'They'll be enough,' Hill said confidently and excused himself.

'He doesn't seem nervous,' Aitken commented. 'Bit o' luck getting him when Wagstaffe was promoted. Now, sir, about our party. I've put the seamen in the lead, with Rennick's Marines following. Rennick's not very pleased but I pointed out that he would insist on his men wearing those clod-hopping boots!'

'You're quite right,' Ramage said. 'The most important part of this is going to be done crawling on our bellies, and seamen with just pistols and cutlasses are less likely to make a noise. Rennick will get his chance if any real fighting starts. Right, we're ready so -' he took out his watch and turned it so the moon lit the face, '- as it's almost half past one we can move off. We'll give Hill's party a couple of minutes' start along the edge of the cliff, then Orsini and Rossi can lead us to the fort.'

The track (now used only by goats and sheep and the lone contadino) dipped and climbed and twisted as it led to Forte della Stella which, as the patchy cloud drifted across the moon, alternately disappeared in the darkness and then reappeared, almost ghostly and unreal, its grey stone walls fleetingly silvered, but stark, remote and menacing. As the track took a final turn which brought them in sight of the main gate - the only gate, Ramage corrected himself - he decided that it was time for the final approach on hands and knees.
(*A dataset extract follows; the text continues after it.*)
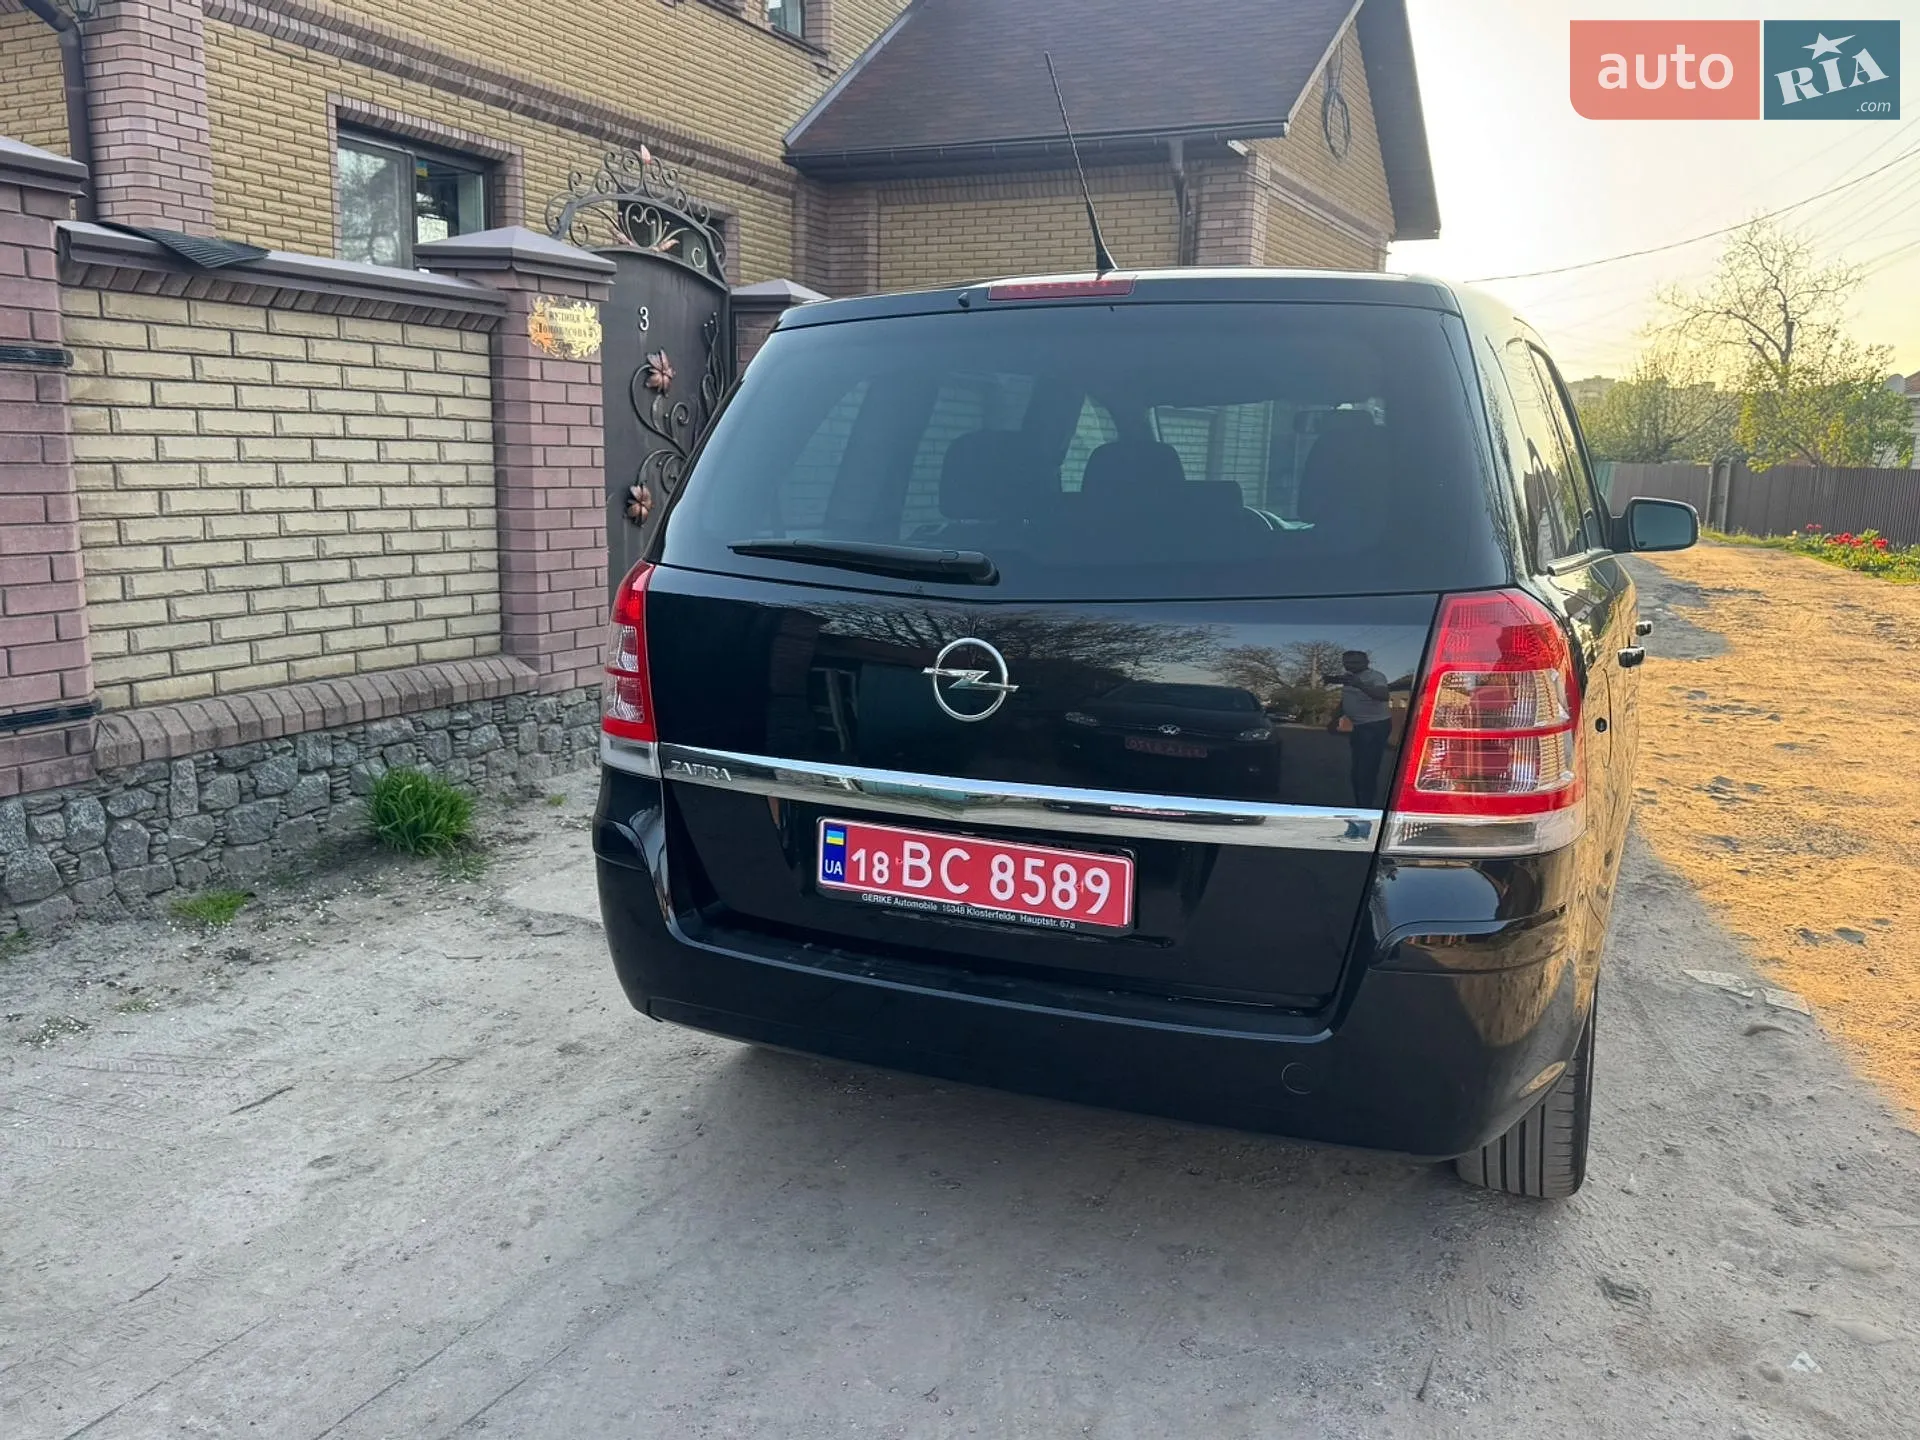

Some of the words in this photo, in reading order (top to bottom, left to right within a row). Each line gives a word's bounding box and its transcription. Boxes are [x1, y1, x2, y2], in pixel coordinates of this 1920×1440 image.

'This track curves round to the left on its way to Port' Ercole, and leaves the Fort on the right,' Orsini explained quietly. 'About two hundred yards farther ahead there's a fork to the right, a smaller track which goes off to the fort, but Rossi and I took a short-cut through the macchia, starting here. It's about one hundred and fifty yards to the gate.'

Ramage again pulled out his watch, waited for a cloud to drift clear of the moon, and saw they had taken only ten minutes. Hill's men would not be in position yet, and the Calypso's third lieutenant knew he was not to start until at least half an hour after leaving Ramage's party. Twenty minutes to go ... More than enough time, Ramage decided.

Even after letting Rossi and Orsini get three or four yards ahead, so that the sage and juniper bushes they pushed aside did not spring back in his face, Ramage felt his cheeks and forehead smarting with many scratches from unexpected long twigs. The dam' pistols chafed the skin at his waist and seemed to have stove in his lower ribs. The cutlass lashed on his back thudded monotonously against his spine, despite the canvas covering and marline lashing, and every sage and thyme bush and juniper must be the home of a hundred hungry mosquitoes.

The smell of thyme and sage (and rosemary - 'That's for remembrance') brought back memories of the desperate affair several years ago not far from here (in fact he could see the Torre di Buranaccio on the mainland from the cliff top) when he and Jackson had rescued Gianna. Another lifetime; now, crawling on his belly towards the fort, it was hard to believe he had ever been there, and that for years he had thought he loved Gianna, and cursed the differing nationalities and religions that prevented them marrying.

Then, some years later, he had met Sarah and married her. Now Sarah was probably drowned, and Gianna murdered by Bonaparte's men, and here was Captain Ramage back again, a few miles from where the first part of the story began. Only now he was alone. Alone, probably a widower though his thirtieth birthday was distant, and crawling on his belly, with Jackson once again close behind him.

One day this thrice-blasted war would end, and he would go on half-pay and return to St Kew to live on the family estate. Cornwall attracted him and there would be a job for Jackson, who did not want to return to America, and the widower and bachelor would gently slide into old age, nodding knowingly about a newly born foal, cursing a late frost which caught blossom on the apple trees, and making sure the men doing muckspreading had plenty to drink. Rheumatism would set in and he and Jackson would creak and reminisce over old times. About rescuing Gianna, capturing the Calypso, raiding Curaçao, sailing into Trinidada off the Brazilian coast (no, they'd both keep off that because it would remind them of Sarah), and they'd reminisce too about this affair.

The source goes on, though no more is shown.